Giacomo cocked his muzzle up and to the left. I followed his nod up the murky, the choppy and wild East River. I followed his nod and for the first time in my twentysomething life looked out at the world from this side of the Island Kingdom—from the inside out. I looked out at the Queensboro Bridge, and I totally thought it might just as easily have been a burnt-out rainbow I was looking at, with all the colors stressed away to gray from all those vactionless years of arching its cantilever arms out of Manhattan and into Queens. Or maybe I was looking at a snoozing skeleton. Roosevelt Island hanging like a really dead promise under its double-decker ribcage . . . But since there was obviously no easy way to tell I backed away from the wind and the waves.
I shouted through the restarting rain. “So do you have any friends down there—under the bridge?”
Giacomo shook his head and spit. “Not anymore,” turning away from the edge, zipping up his camo cargo pants. “They’re all fucking gone. They’ve all moved the fuck on from the Warehouse.”
“The Warehouse?”
“That’s right. The fucking Warehouse . . .”
I licked my lips. A delicious shiver tickled up and down my spine.
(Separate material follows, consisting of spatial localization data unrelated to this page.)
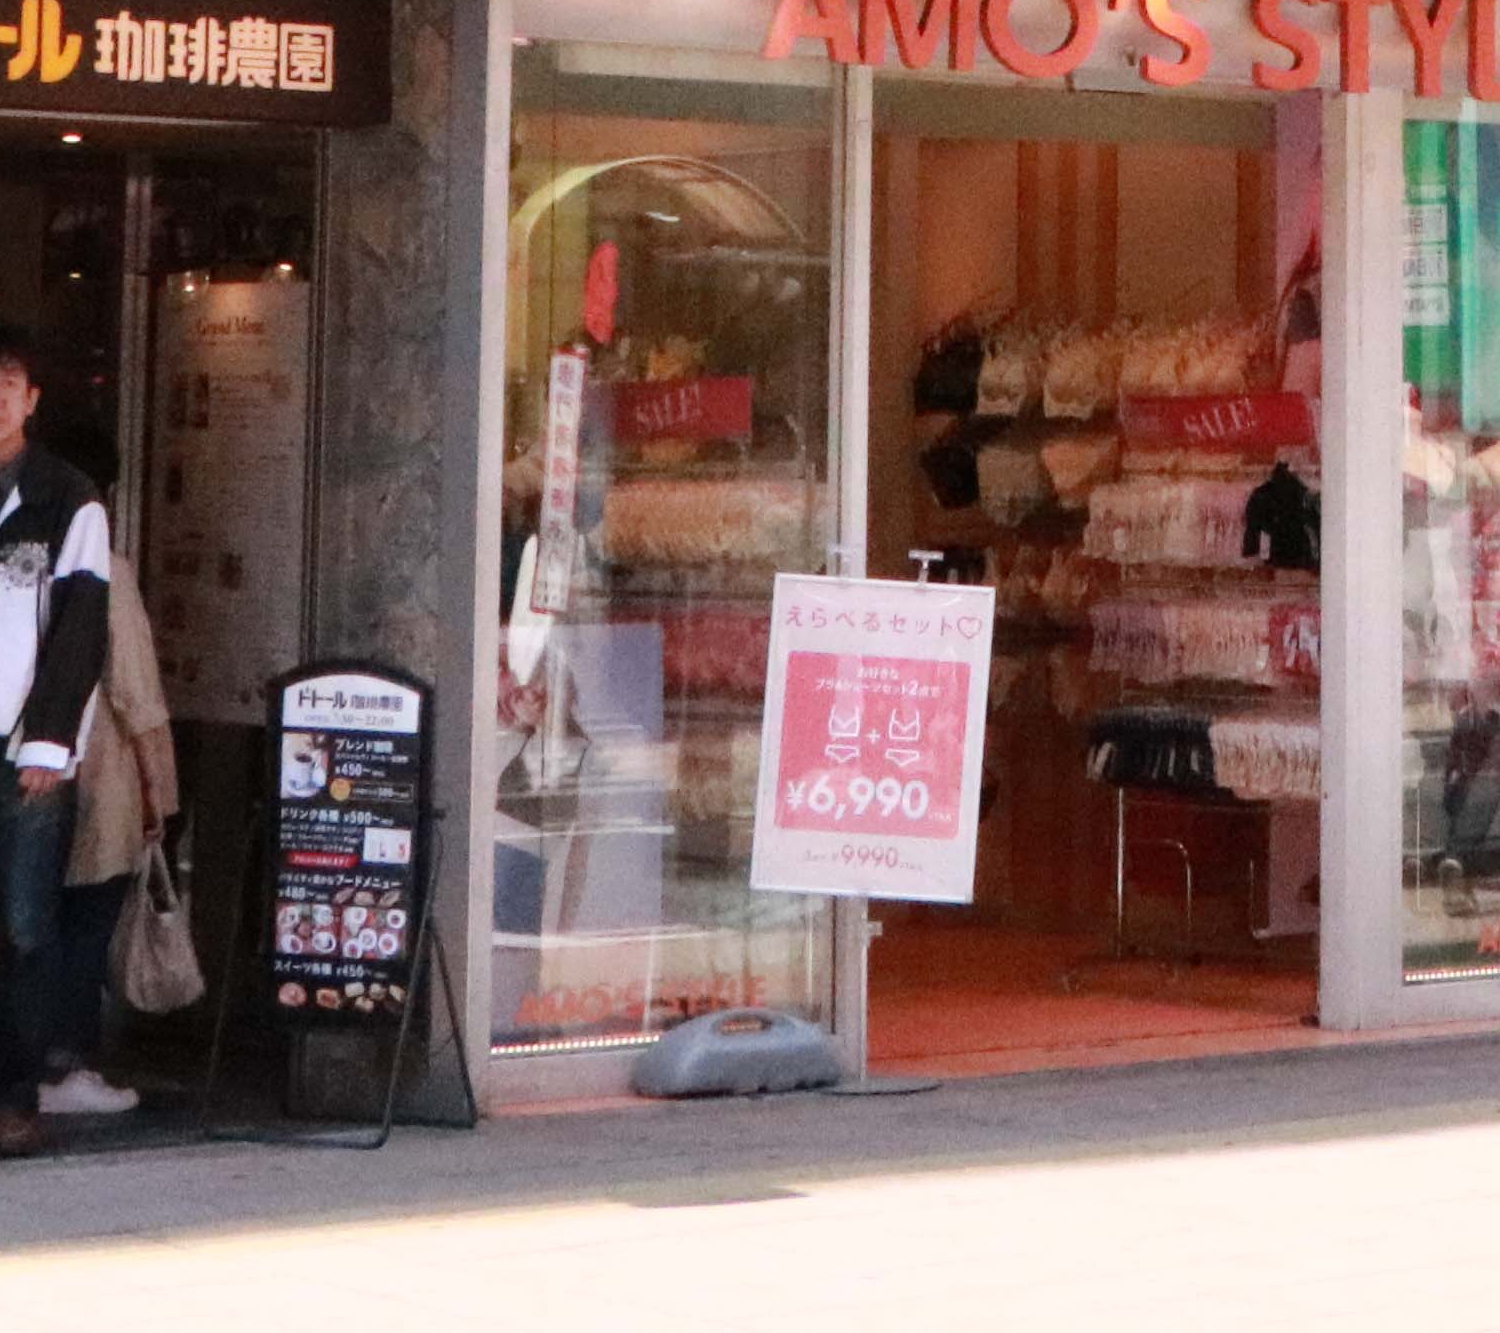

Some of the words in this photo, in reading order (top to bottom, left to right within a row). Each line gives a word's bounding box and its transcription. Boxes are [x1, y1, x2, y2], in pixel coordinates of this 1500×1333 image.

[94, 9, 334, 93] 珈琲農園
[785, 605, 953, 638] えらべるセット
[297, 684, 348, 709] ドトール
[785, 774, 930, 821] ¥6,990
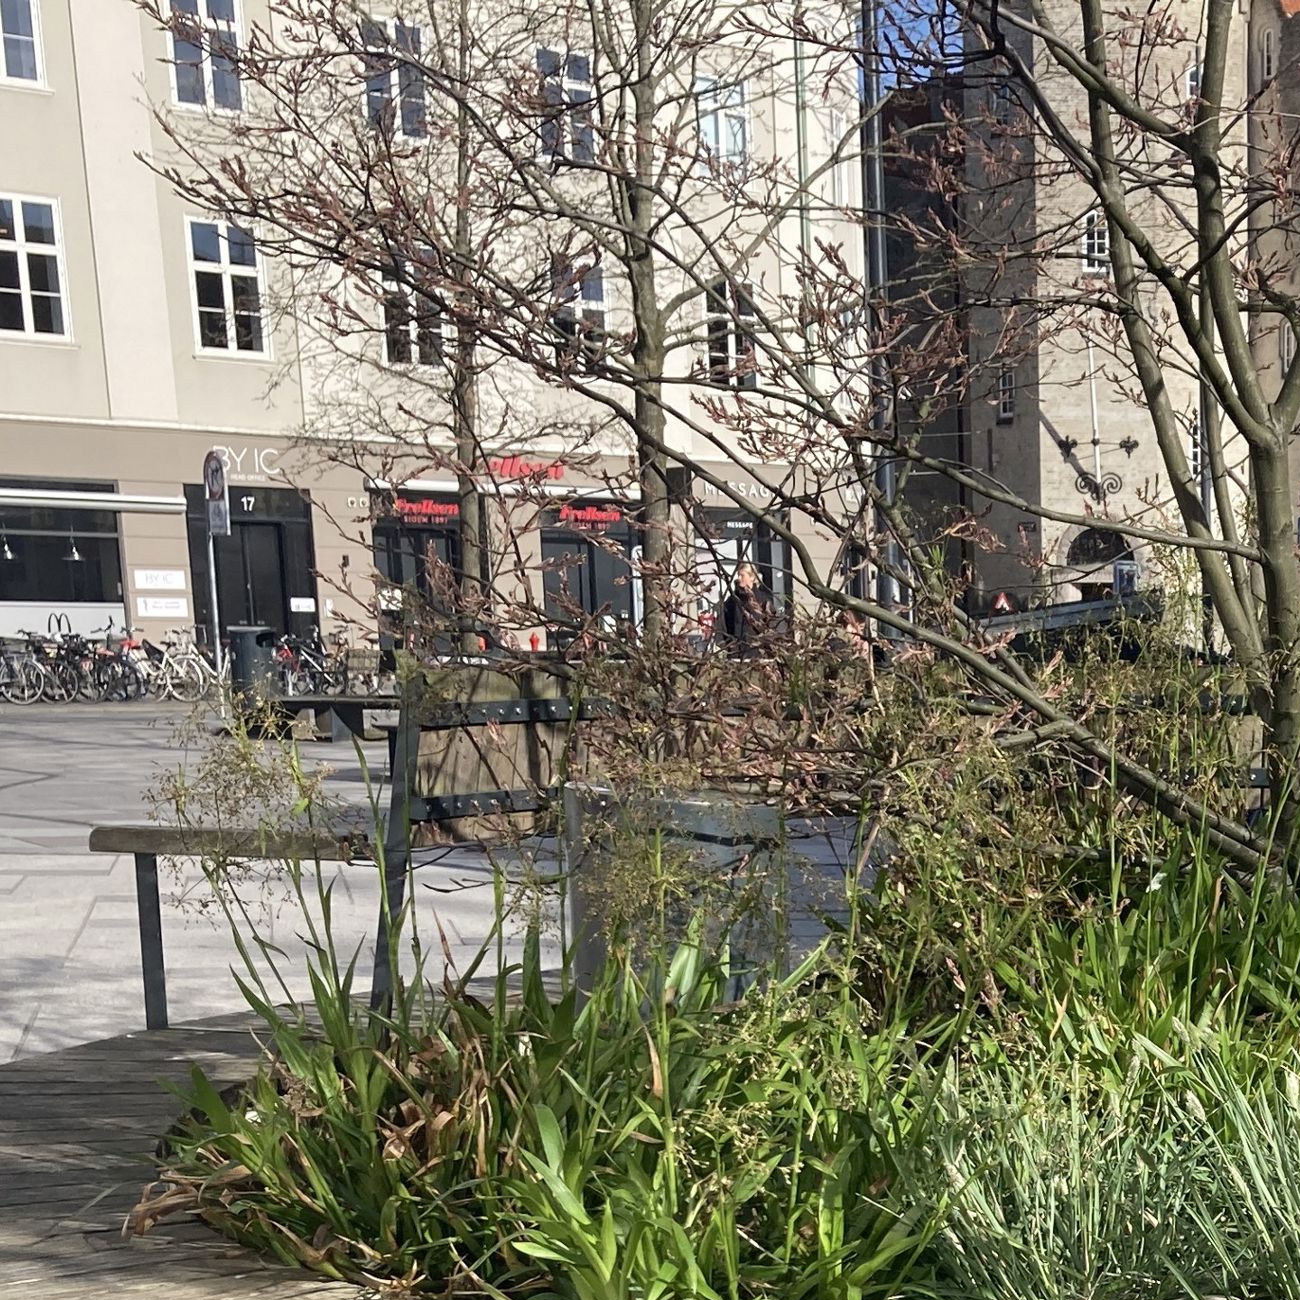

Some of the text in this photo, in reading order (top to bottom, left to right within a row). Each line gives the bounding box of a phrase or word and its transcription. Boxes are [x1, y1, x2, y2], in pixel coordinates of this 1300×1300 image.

[213, 445, 280, 474] BY IC
[241, 496, 255, 511] 17
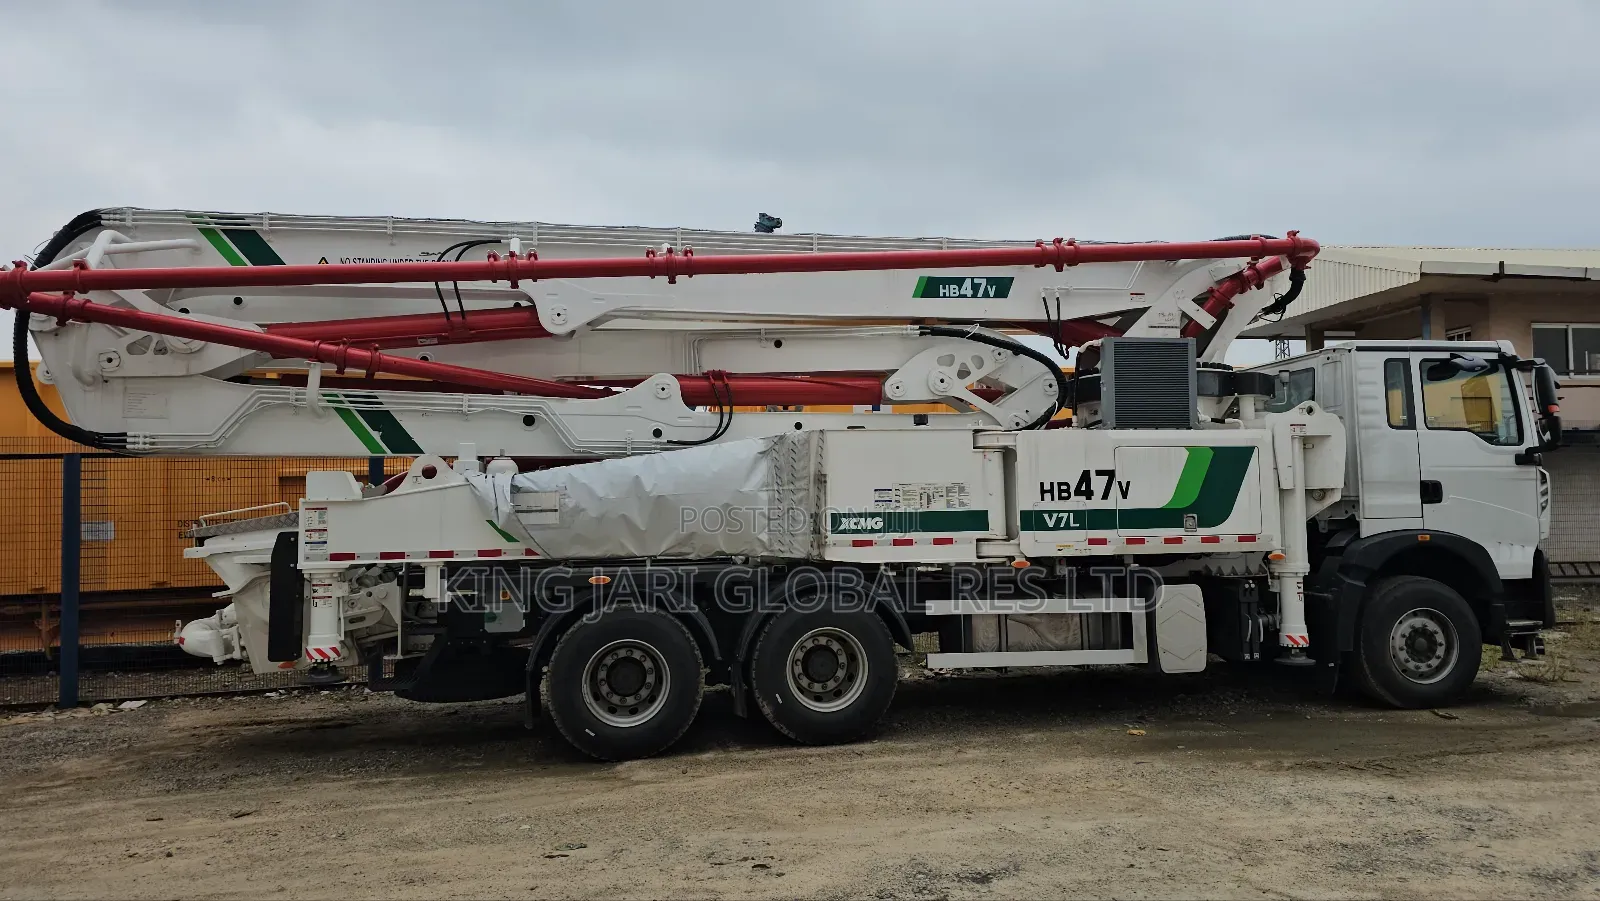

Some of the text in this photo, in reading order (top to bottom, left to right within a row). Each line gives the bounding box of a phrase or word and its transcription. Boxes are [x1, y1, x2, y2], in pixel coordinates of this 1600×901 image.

Because the Warehouse sounded like something I could totally use. Because the Warehouse sounded epic, and epic meant Hollywood, meant guaranteed ticket sales. My ten toes curled back, my tiny teeth chattered, and I shuffled in as close as possible to my future happiness. I brushed my bangs out of my chinchilla eyes. I tugged on Daddy’s jean jacket. And after quickly swiveling my scratched glasses round and round to make sure there weren’t any pervy cops behind us, no wobbly twentysomethings on no wobbly unicycles, I whispered deep into Giacomo’s marinara-tipped whiskers. I said, “Tell me about the Warehouse, Giacomo. Tell me all about it please. Pretty please. Just tell me and I’ll definitely make it worth your while. Oh I definitely will. Just tell me tell me!”